[Start of section]

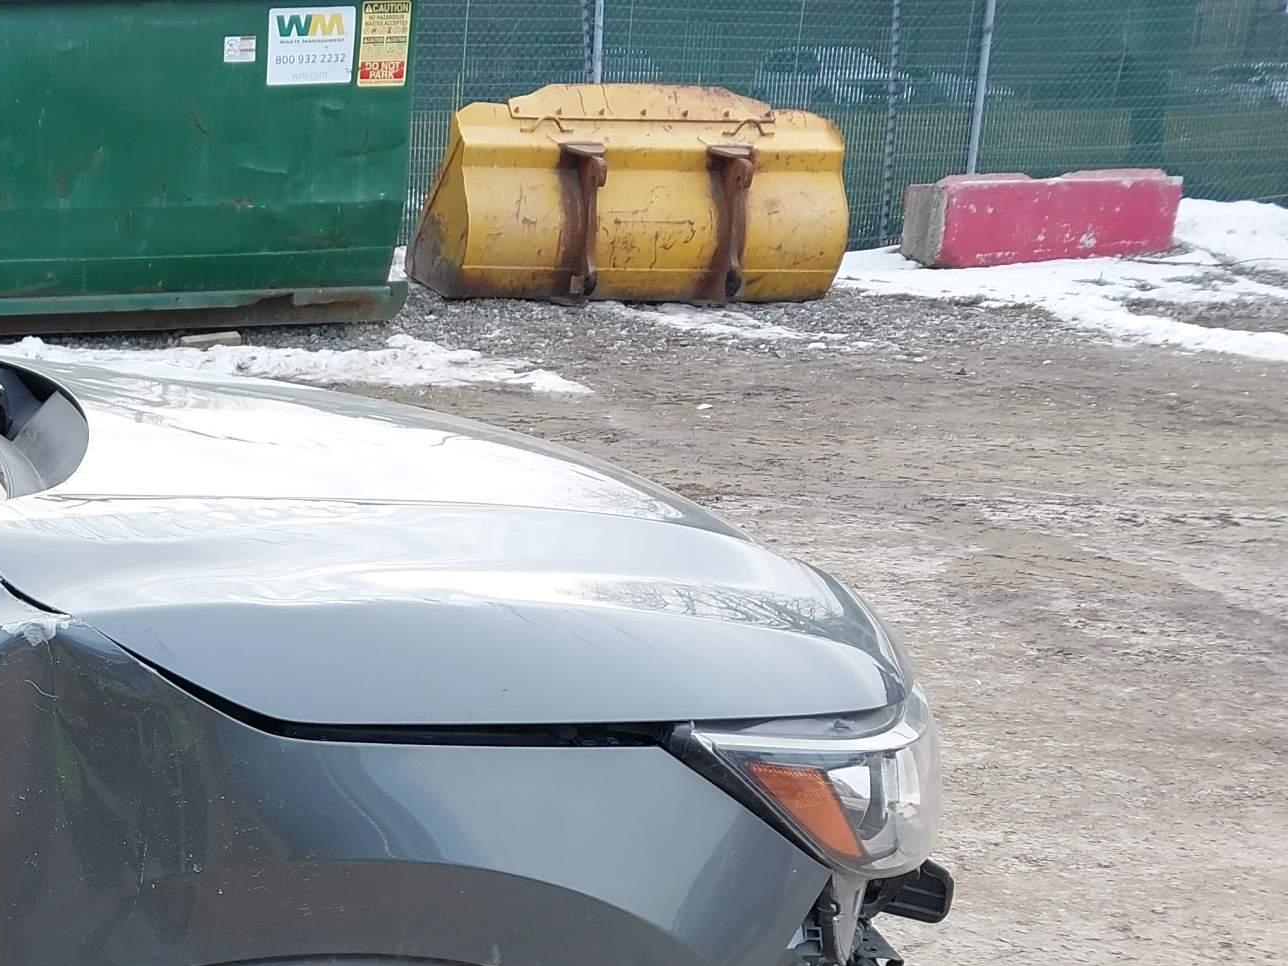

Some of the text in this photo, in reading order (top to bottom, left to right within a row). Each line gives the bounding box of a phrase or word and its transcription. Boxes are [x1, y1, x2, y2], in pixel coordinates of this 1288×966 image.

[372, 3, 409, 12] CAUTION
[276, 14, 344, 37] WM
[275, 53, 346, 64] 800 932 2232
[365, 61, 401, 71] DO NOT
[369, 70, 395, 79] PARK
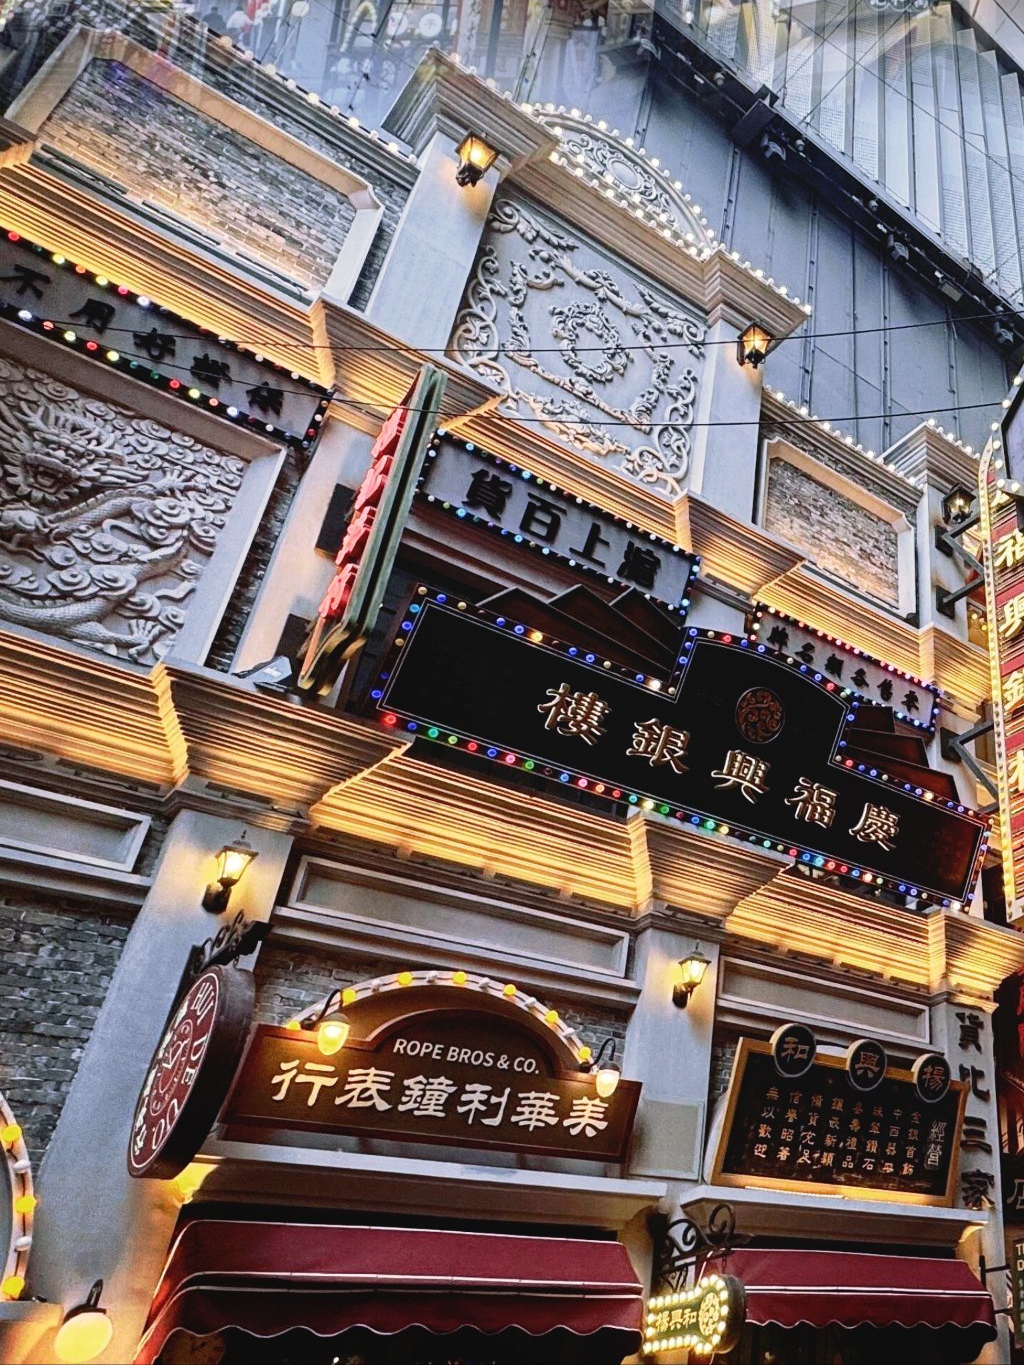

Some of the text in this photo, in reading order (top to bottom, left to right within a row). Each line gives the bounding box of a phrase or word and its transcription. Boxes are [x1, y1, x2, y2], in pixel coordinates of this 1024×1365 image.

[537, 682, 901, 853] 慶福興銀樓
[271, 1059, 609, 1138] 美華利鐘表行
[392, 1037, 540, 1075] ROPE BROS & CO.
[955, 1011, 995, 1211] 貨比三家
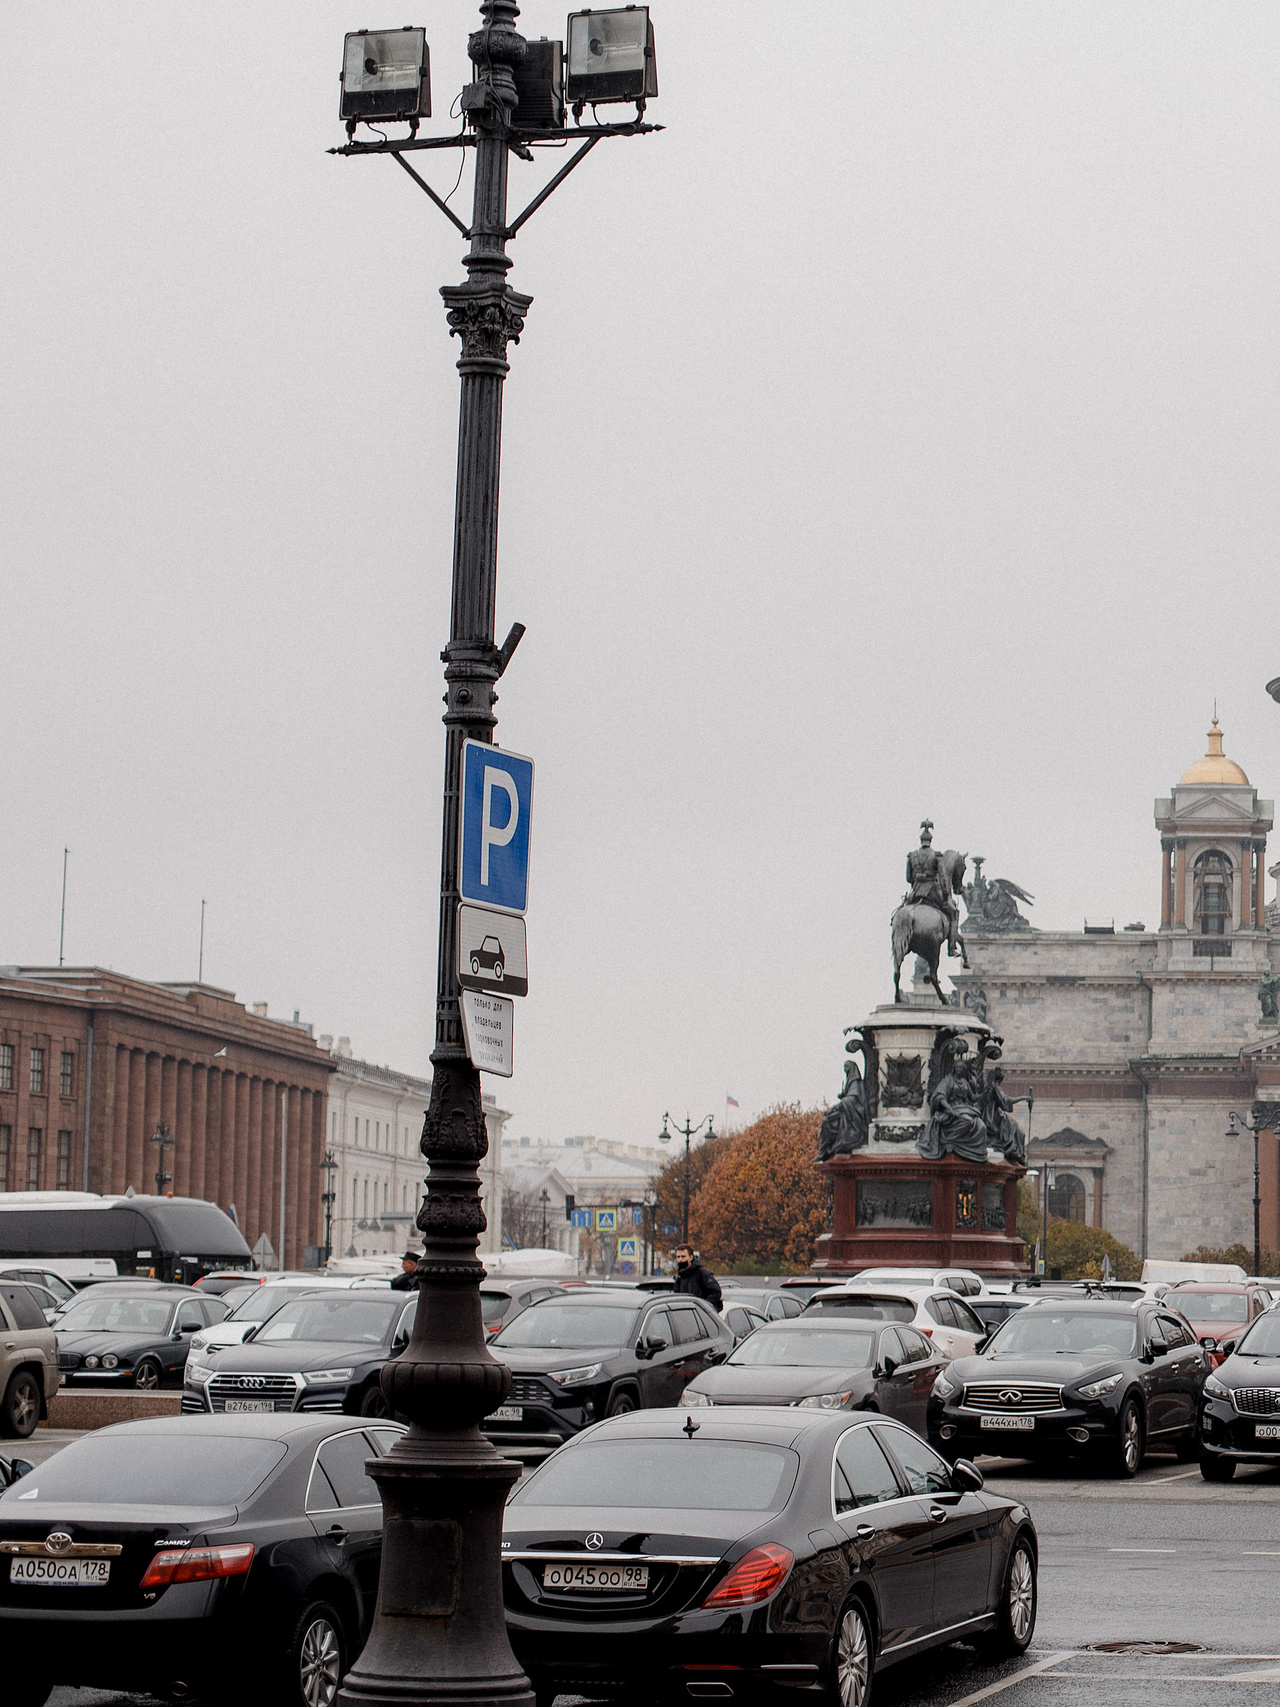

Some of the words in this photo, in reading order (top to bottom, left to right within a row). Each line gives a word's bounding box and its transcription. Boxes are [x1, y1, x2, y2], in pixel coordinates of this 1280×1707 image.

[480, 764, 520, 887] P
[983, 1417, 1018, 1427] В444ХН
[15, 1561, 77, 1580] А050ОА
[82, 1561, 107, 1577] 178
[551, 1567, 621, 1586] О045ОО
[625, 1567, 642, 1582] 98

[End of section]

Only the text of the entries belongs in the answer, copied exactly; the pictures stay out.

◆ Solution to this exercise ◆
Some of the text in this photo, in reading order (top to bottom, left to right within a row). Each line gives the bounding box of a phrase or word and its transcription. Boxes are [x1, y1, x2, y2], in pixel coordinates of this 1288×966 image.

[372, 3, 409, 12] CAUTION
[276, 14, 344, 37] WM
[275, 53, 346, 64] 800 932 2232
[365, 61, 401, 71] DO NOT
[369, 70, 395, 79] PARK

Some of the text in this photo, in reading order (top to bottom, left to right within a row). Each line gives the bounding box of a phrase or word and its transcription. Boxes are [x1, y1, x2, y2], in pixel coordinates of this 1024×1365 image.

[537, 682, 901, 853] 慶福興銀樓
[271, 1059, 609, 1138] 美華利鐘表行
[392, 1037, 540, 1075] ROPE BROS & CO.
[955, 1011, 995, 1211] 貨比三家

Some of the words in this photo, in reading order (top to bottom, left to right within a row). Each line gives a word's bounding box and its transcription. Boxes are [x1, y1, x2, y2], in pixel coordinates of this 1280×1707 image.

[480, 764, 520, 887] P
[983, 1417, 1018, 1427] В444ХН
[15, 1561, 77, 1580] А050ОА
[82, 1561, 107, 1577] 178
[551, 1567, 621, 1586] О045ОО
[625, 1567, 642, 1582] 98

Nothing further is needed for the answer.